Pictures are not part of the copy; repeat everything else in the records exactly.

-- EXTRACTED RECORDS follows --

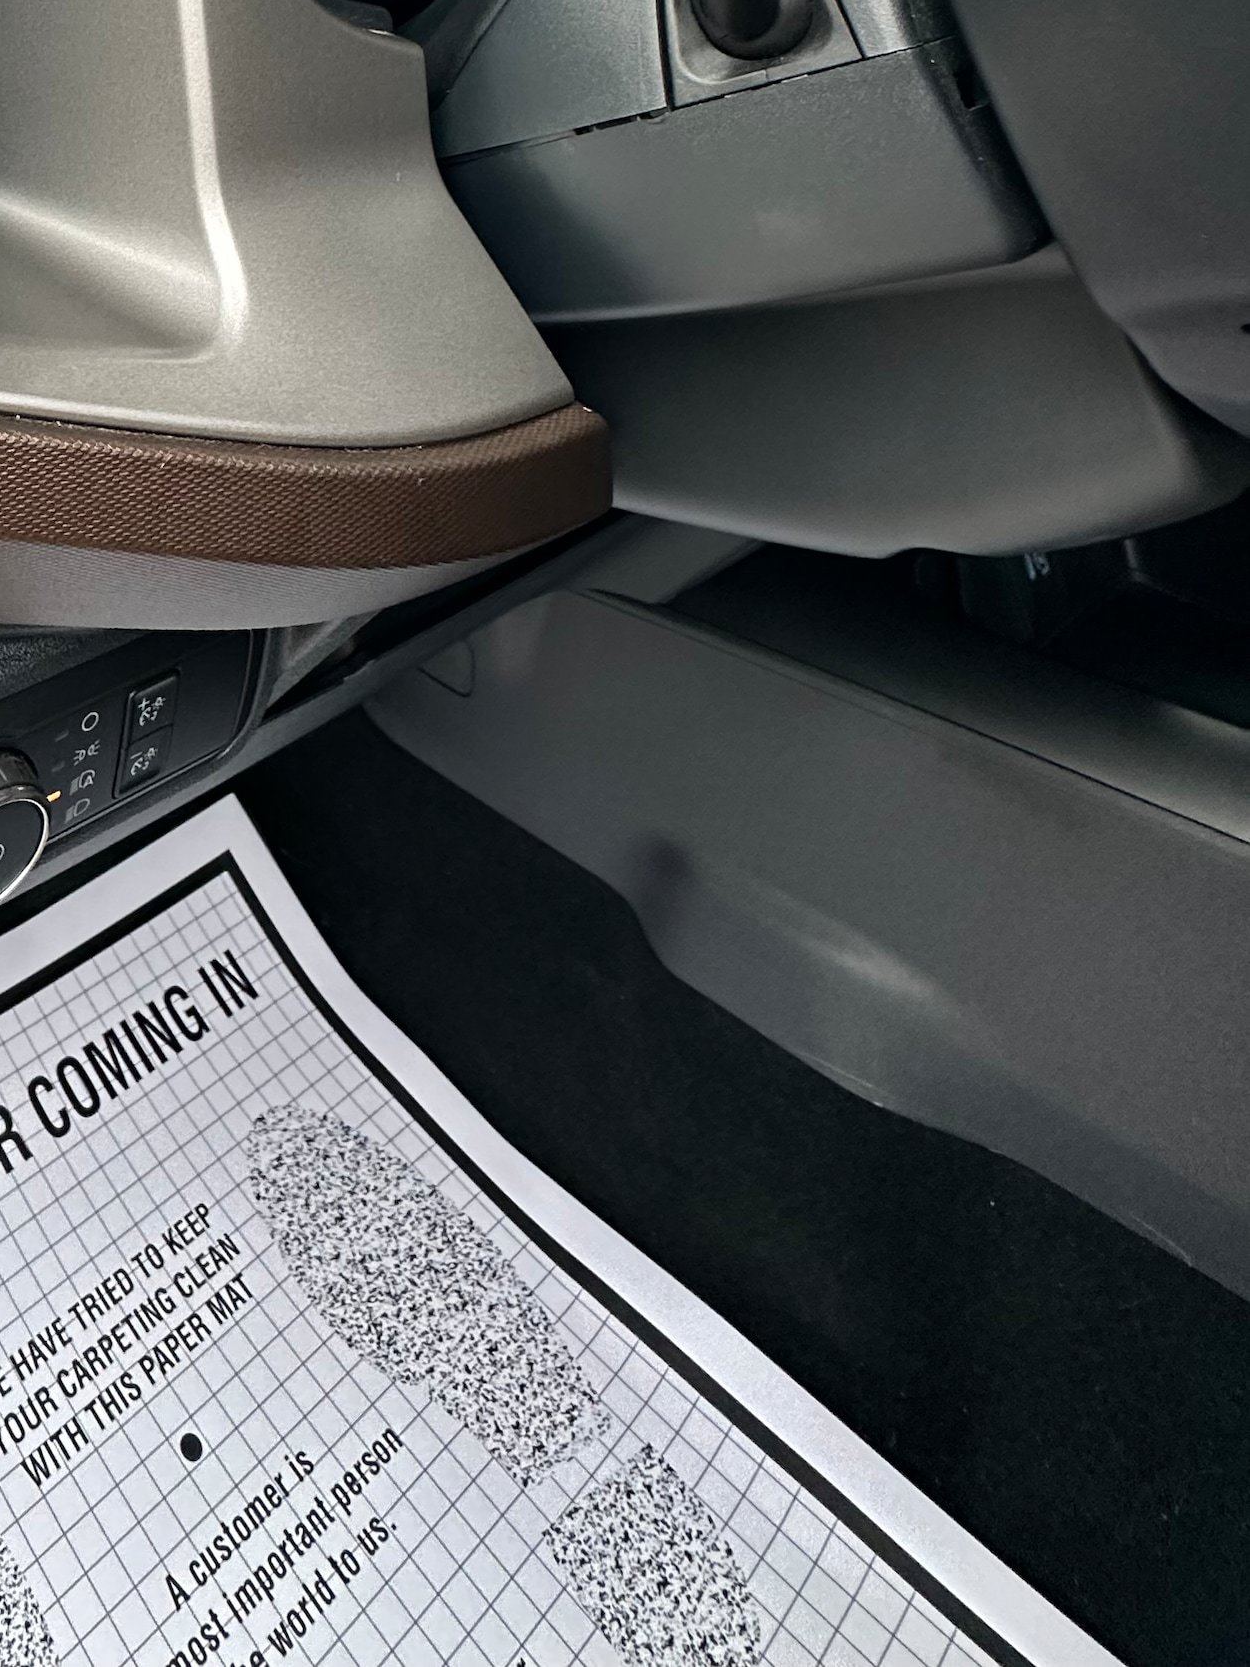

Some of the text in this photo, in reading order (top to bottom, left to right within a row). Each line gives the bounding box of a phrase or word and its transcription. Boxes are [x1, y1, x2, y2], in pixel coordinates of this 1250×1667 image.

[26, 984, 210, 1138] COMING
[197, 948, 260, 1019] IN
[9, 1317, 73, 1381] HAVE
[67, 1267, 135, 1331] TRIED
[130, 1242, 165, 1279] TO
[161, 1202, 212, 1256] KEEP
[19, 1272, 255, 1488] WITH THIS PAPER MAT
[55, 1286, 178, 1399] CARPETING
[172, 1232, 241, 1299] CLEAN
[165, 1448, 317, 1612] A customer is
[221, 1495, 336, 1624] important
[331, 1427, 405, 1516] person
[267, 1513, 399, 1658] world to us.
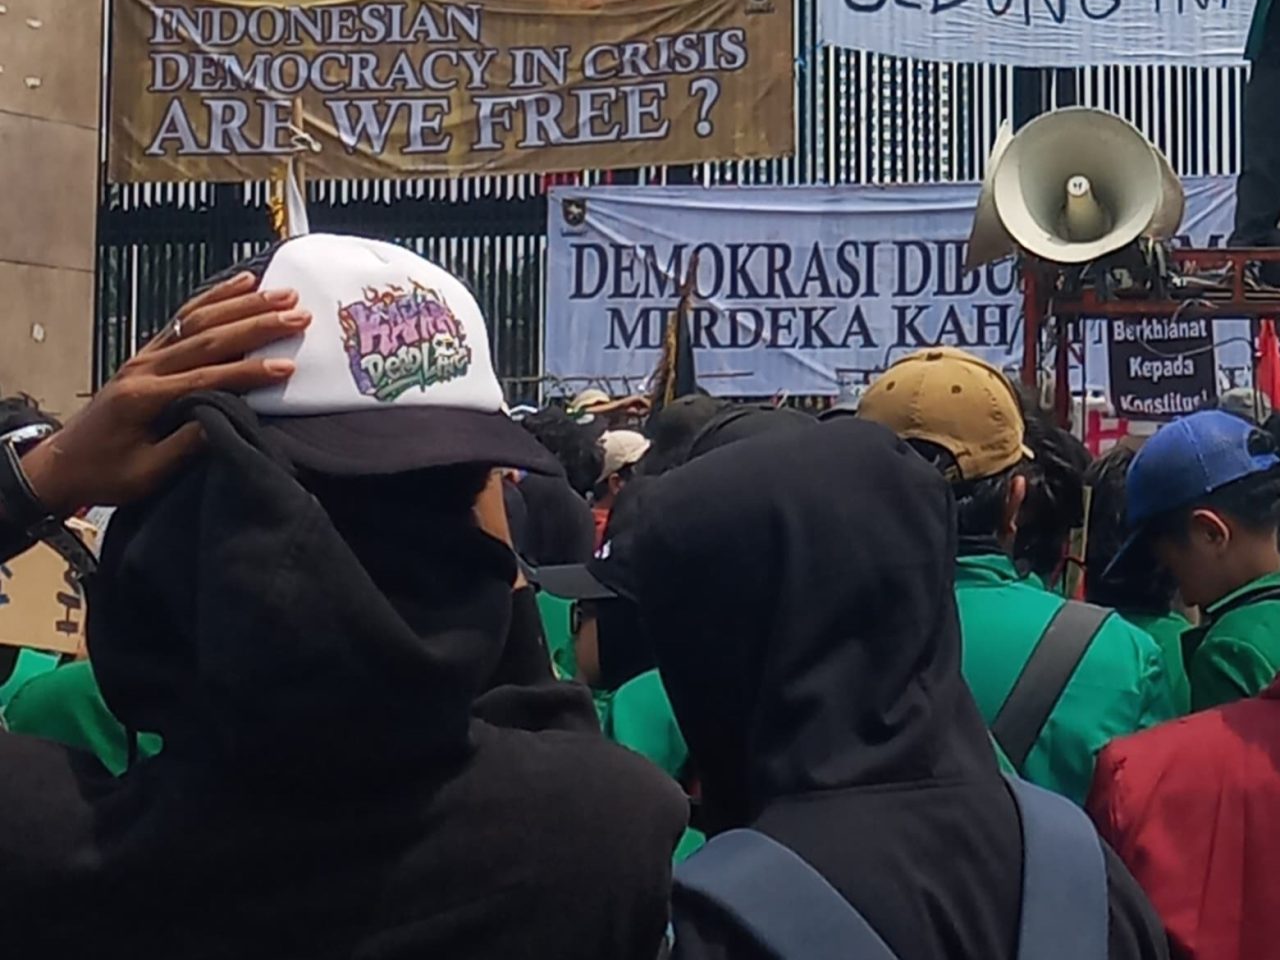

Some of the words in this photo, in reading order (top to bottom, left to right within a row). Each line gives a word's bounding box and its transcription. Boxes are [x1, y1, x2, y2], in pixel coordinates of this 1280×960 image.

[148, 2, 483, 46] INDONESIAN
[147, 47, 499, 94] DEMOCRACY
[509, 45, 570, 89] IN
[583, 26, 750, 81] CRISIS
[144, 96, 304, 157] ARE
[324, 96, 453, 156] WE
[471, 78, 671, 153] FREE
[688, 73, 721, 138] ?
[569, 239, 879, 301] DEMOKRASI
[891, 303, 1014, 347] KAH
[1129, 354, 1195, 383] Kepada

-- EXTRACTED RECORDS concluded --

THE COMPLETED TASK
Some of the text in this photo, in reading order (top to bottom, left to right within a row). Each line gives the bounding box of a phrase or word and its transcription. Boxes are [x1, y1, x2, y2], in pixel coordinates of this 1250×1667 image.

[26, 984, 210, 1138] COMING
[197, 948, 260, 1019] IN
[9, 1317, 73, 1381] HAVE
[67, 1267, 135, 1331] TRIED
[130, 1242, 165, 1279] TO
[161, 1202, 212, 1256] KEEP
[19, 1272, 255, 1488] WITH THIS PAPER MAT
[55, 1286, 178, 1399] CARPETING
[172, 1232, 241, 1299] CLEAN
[165, 1448, 317, 1612] A customer is
[221, 1495, 336, 1624] important
[331, 1427, 405, 1516] person
[267, 1513, 399, 1658] world to us.

Some of the words in this photo, in reading order (top to bottom, left to right within a row). Each line gives a word's bounding box and its transcription. Boxes are [x1, y1, x2, y2], in pixel coordinates of this 1280×960 image.

[148, 2, 483, 46] INDONESIAN
[147, 47, 499, 94] DEMOCRACY
[509, 45, 570, 89] IN
[583, 26, 750, 81] CRISIS
[144, 96, 304, 157] ARE
[324, 96, 453, 156] WE
[471, 78, 671, 153] FREE
[688, 73, 721, 138] ?
[569, 239, 879, 301] DEMOKRASI
[891, 303, 1014, 347] KAH
[1129, 354, 1195, 383] Kepada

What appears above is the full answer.